Abstract Pancreatic β-cell failure is a pathological feature in type 1 diabetes. One promising approach is the transdifferentiation of developmentally related pancreatic cell types, including glucagon-producing α cells. The chemokine stromal cell-derived factor-1 alpha (SDF-1α) is implicated in pancreatic α-to-β like cell transition. Here, the serum level of SDF-1α was lower in T1D with C-peptide loss, the miR-23a was negatively correlated with SDF-1α. We identify exosomal miR-23a secreted from β cells, functionally negatively regulate the expression of SDF-1α, followed by increased expression of Pax4 and decreased expression of Arx in vivo.
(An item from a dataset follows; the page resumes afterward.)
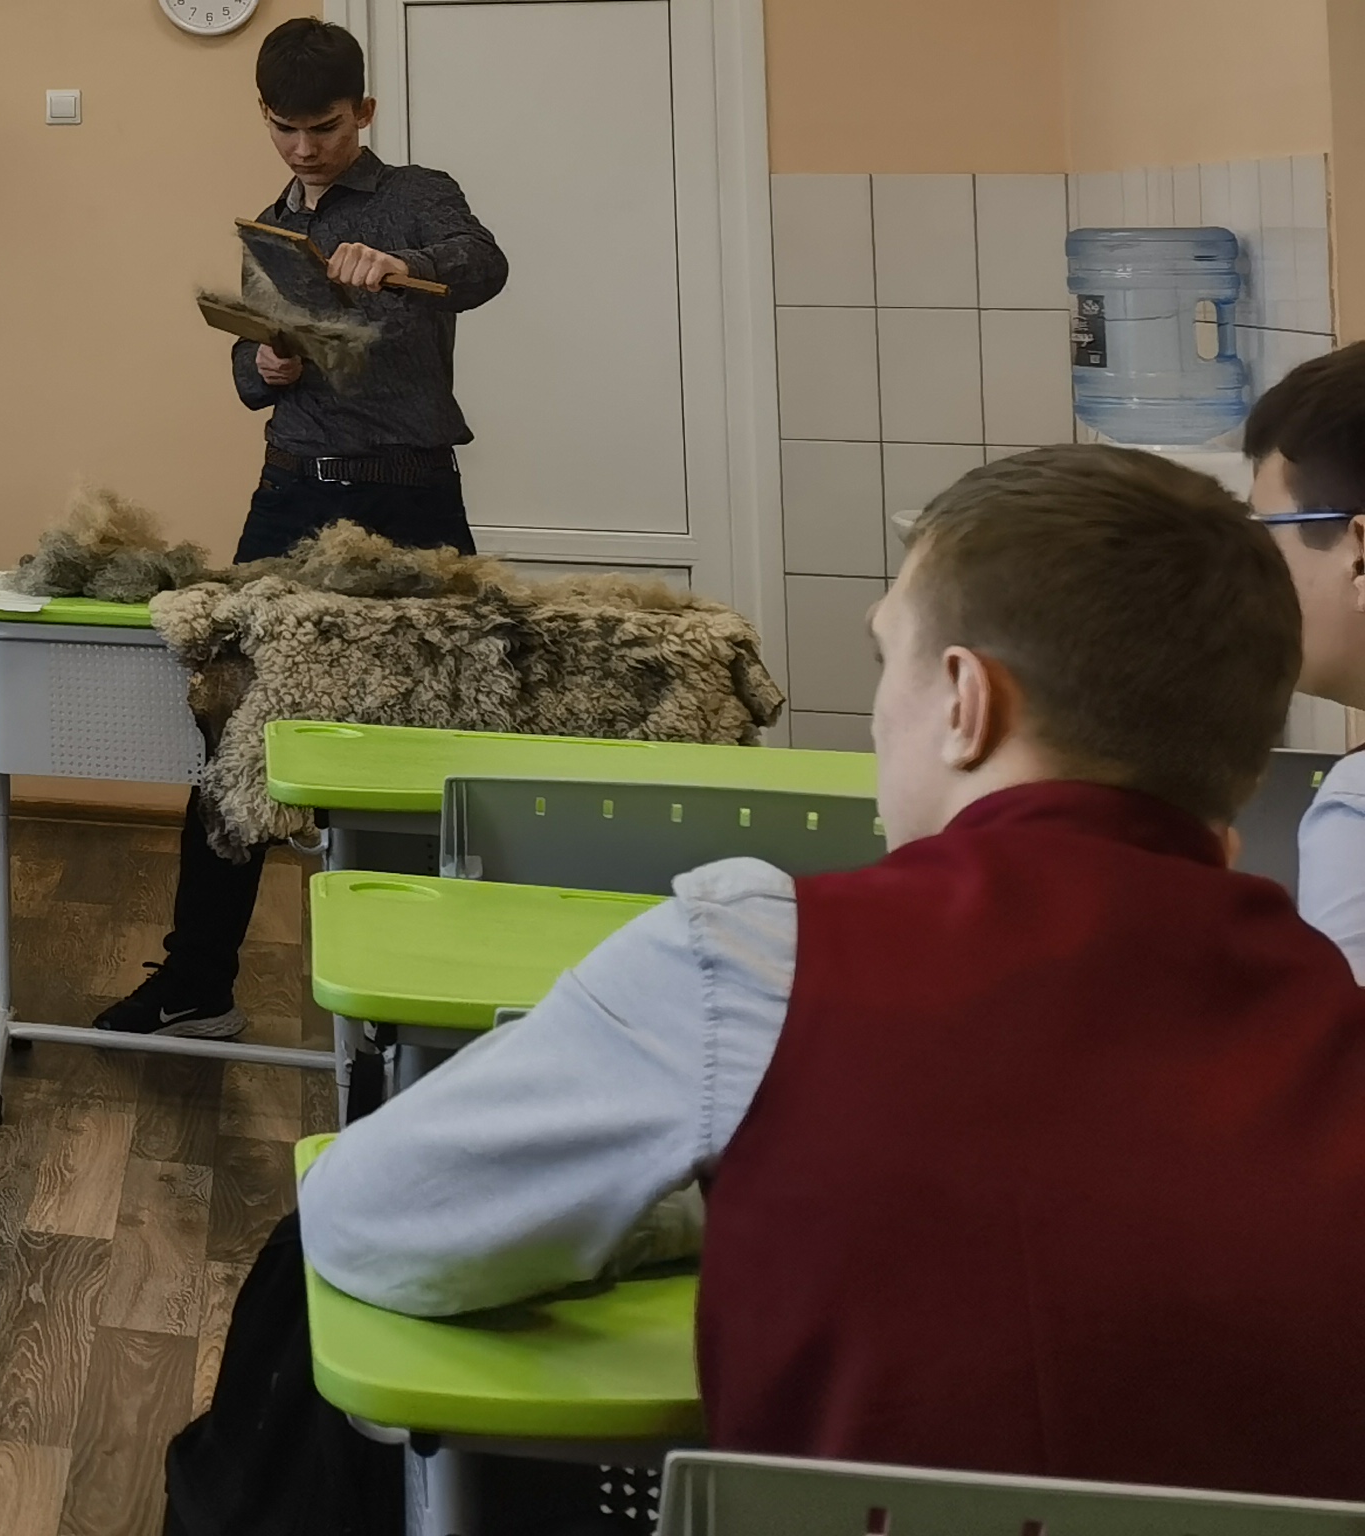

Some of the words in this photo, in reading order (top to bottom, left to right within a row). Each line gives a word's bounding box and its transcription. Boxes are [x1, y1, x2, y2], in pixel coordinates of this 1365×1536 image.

[190, 7, 197, 17] 7
[222, 7, 230, 16] 5
[206, 12, 213, 22] 6
Adenovirus-vectored miR-23a sponge and mimic were constructed to further explored the miR-23a on pancreatic α-to-β like cell transition in vitro, and the results were similar to cell experiments. Repression of miR-23a upregulated the level of insulin and downregulated the level of glucagon in αTCl-6 cells and STZ-induced diabetes mice models, promoting α-to-β like cell transition. Our results identified miR-23a as a new therapeutic target for the regeneration of pancreatic β cells from α cells.